Le Tribunal de l’Union européenne considère alors que Chiquita Brands ne démontre pas l’acquisition d’un caractère distinctif par l’usage de sa marque. Cela ne lui permet donc pas de revendiquer une identification de l’origine commerciale des produits en cause.
La preuve de l’acquisition de la distinctivité par l’usage
Le titulaire de la marque contestée peut rapporter, sur l’ensemble du territoire de l’Union européenne, la preuve de l’acquisition de la distinctivité par l’usage. En effet, un signe enregistré en méconnaissance de l’exigence de distinctivité peut échapper à la nullité en cas d’acquisition du caractère distinctif après son enregistrement pour les produits ou les services pour lesquels il est enregistré[3]. Différents éléments peuvent alors être étudiés (part de marché détenue par la marque, intensité, étendue géographique, durée de l’usage de la marque, etc.) pour démontrer cette acquisition de la distinctivité par l’usage[4].
En l’espèce, la majorité des preuves présentées par Chiquita Brands ne concerne que quatre Etats membres de l’Union européenne. L’entreprise soutient que le signe avait bien acquis un caractère distinctif par l’usage, en justifiant cet argument sur une étude de marché ne visant que quatre Etats membres, sans établir pour autant que l’ensemble des Etats membres devaient être traités comme un seul et unique marché.

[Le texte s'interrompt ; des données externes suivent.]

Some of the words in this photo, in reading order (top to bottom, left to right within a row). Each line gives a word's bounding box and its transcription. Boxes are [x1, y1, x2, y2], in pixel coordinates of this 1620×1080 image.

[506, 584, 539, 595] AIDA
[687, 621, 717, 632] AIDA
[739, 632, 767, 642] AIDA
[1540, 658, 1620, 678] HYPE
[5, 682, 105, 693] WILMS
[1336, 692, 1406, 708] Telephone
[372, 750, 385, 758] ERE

Chiquita Brands n’est donc pas parvenue à établir que la situation du marché des fruits frais dans les quatre Etats membres de l’Union européenne aurait été identique dans l’ensemble des Etats membres.
Cette affaire s’inscrit dans une approche plus restrictive de la jurisprudence européenne en droit des marques. Les juges européens se montrent désormais plus stricts quant à l’enregistrement de marques basées uniquement sur des formes ou des couleurs[5].
Une décision aux impacts marketing
La décision du Tribunal de l’Union européenne marque également un virage dans la stratégie marketing de Chiquita Brands, contrainte de repenser sa communication visuelle sur le marché européen.
Chiquita Brands sera donc potentiellement amenée à modifier son emballage au niveau européen.
Cette affaire rappelle que la protection des marques n’est jamais acquise et que les entreprises doivent continuellement adapter leurs stratégies aux évolutions juridiques.
Dans une société où les consommateurs sont plus scrupuleux quant à l’origine et à la qualité des produits, les marques devront donc accroître leurs efforts afin de trouver de nouvelles manières de façonner leur identité et leurs valeurs, au-delà des simples éléments visuels. Les entreprises seront donc amenées à être plus créatives et innovantes dans la conception de leurs marques afin d’obtenir une protection juridique au sein de l’Union européenne.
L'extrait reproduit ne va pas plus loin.